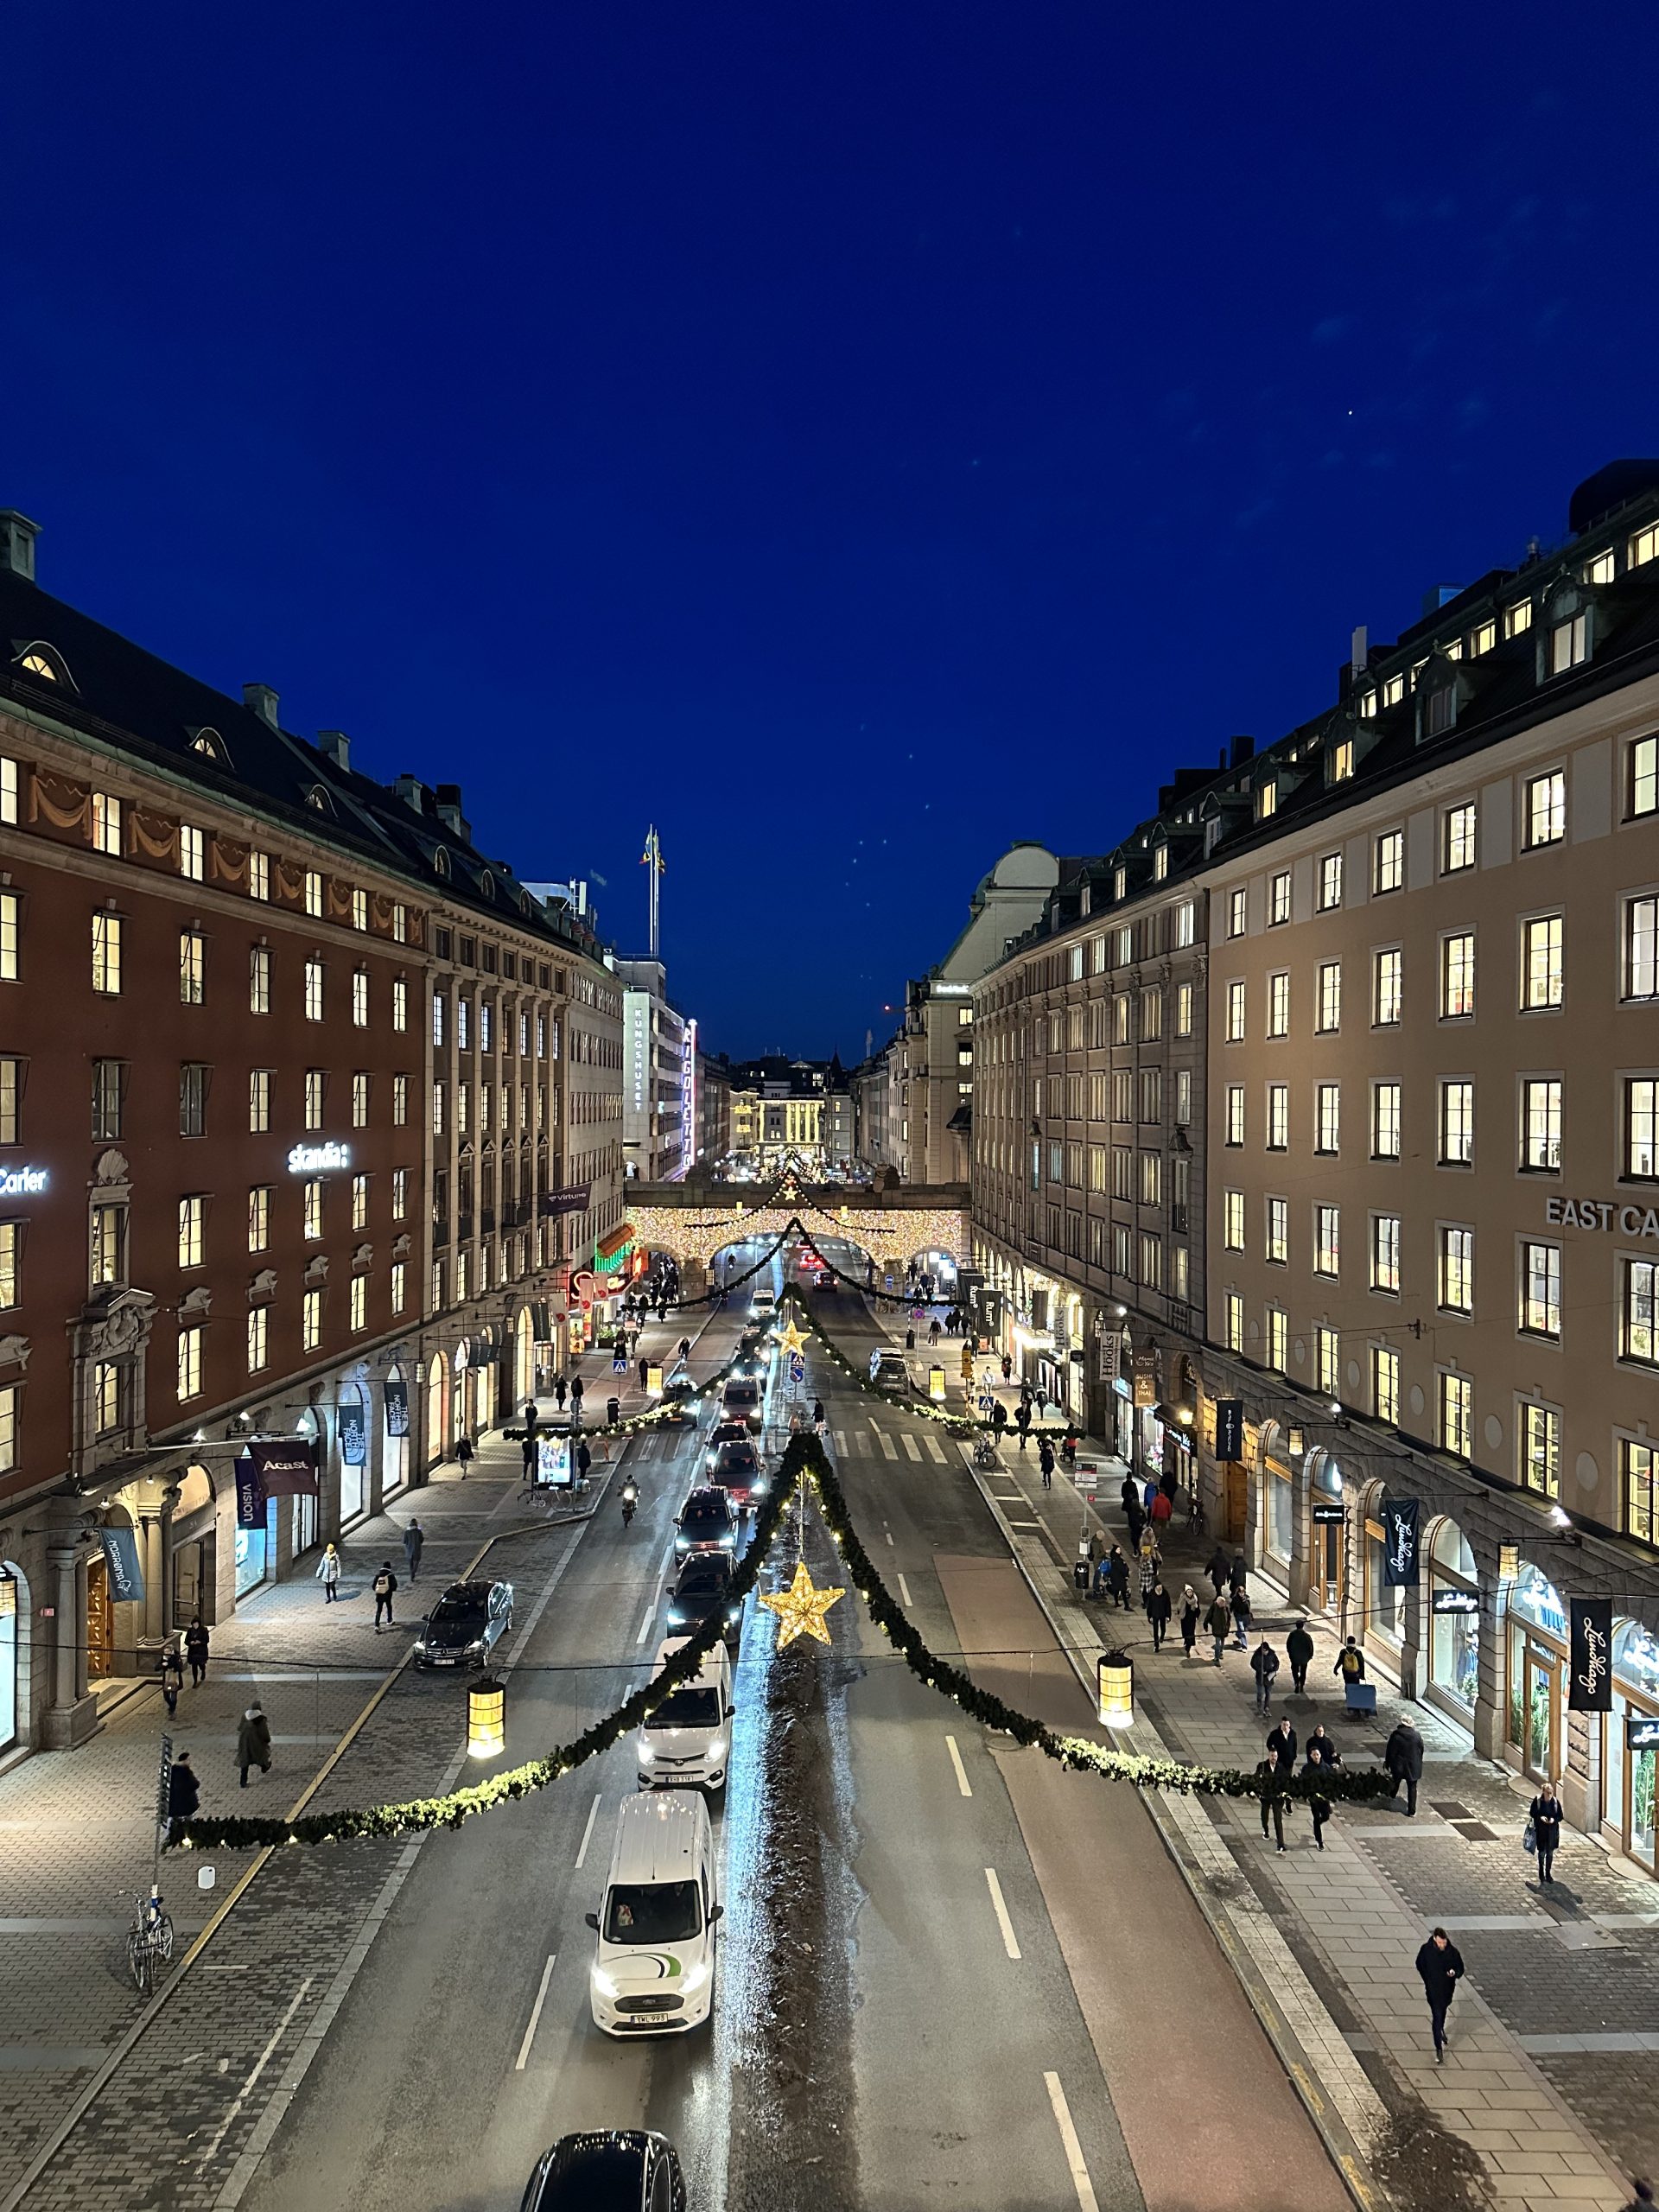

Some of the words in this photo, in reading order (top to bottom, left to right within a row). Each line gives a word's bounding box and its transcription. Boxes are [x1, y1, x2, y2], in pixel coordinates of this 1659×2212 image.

[634, 1008, 643, 1111] KUNGSHUSET
[683, 1027, 692, 1168] RIGOLETTO
[1546, 1197, 1614, 1232] EAST
[1619, 1205, 1659, 1239] CA
[1141, 1380, 1148, 1389] &
[393, 1394, 402, 1422] NORTH
[343, 1427, 352, 1449] FACE
[349, 1419, 359, 1449] NORTH
[356, 1431, 365, 1449] THE
[262, 1459, 309, 1471] Acast
[108, 1540, 125, 1582] NORRØNA
[1389, 1513, 1413, 1573] Lundhags
[1578, 1617, 1607, 1694] Lundhags

• Try it:
Exactness is what counts here: copy each entry as given and omit its pictures.

• Result of the exercise:
Some of the words in this photo, in reading order (top to bottom, left to right within a row). Each line gives a word's bounding box and its transcription. Boxes are [x1, y1, x2, y2], in pixel coordinates of this 1659×2212 image.

[634, 1008, 643, 1111] KUNGSHUSET
[683, 1027, 692, 1168] RIGOLETTO
[1546, 1197, 1614, 1232] EAST
[1619, 1205, 1659, 1239] CA
[1141, 1380, 1148, 1389] &
[393, 1394, 402, 1422] NORTH
[343, 1427, 352, 1449] FACE
[349, 1419, 359, 1449] NORTH
[356, 1431, 365, 1449] THE
[262, 1459, 309, 1471] Acast
[108, 1540, 125, 1582] NORRØNA
[1389, 1513, 1413, 1573] Lundhags
[1578, 1617, 1607, 1694] Lundhags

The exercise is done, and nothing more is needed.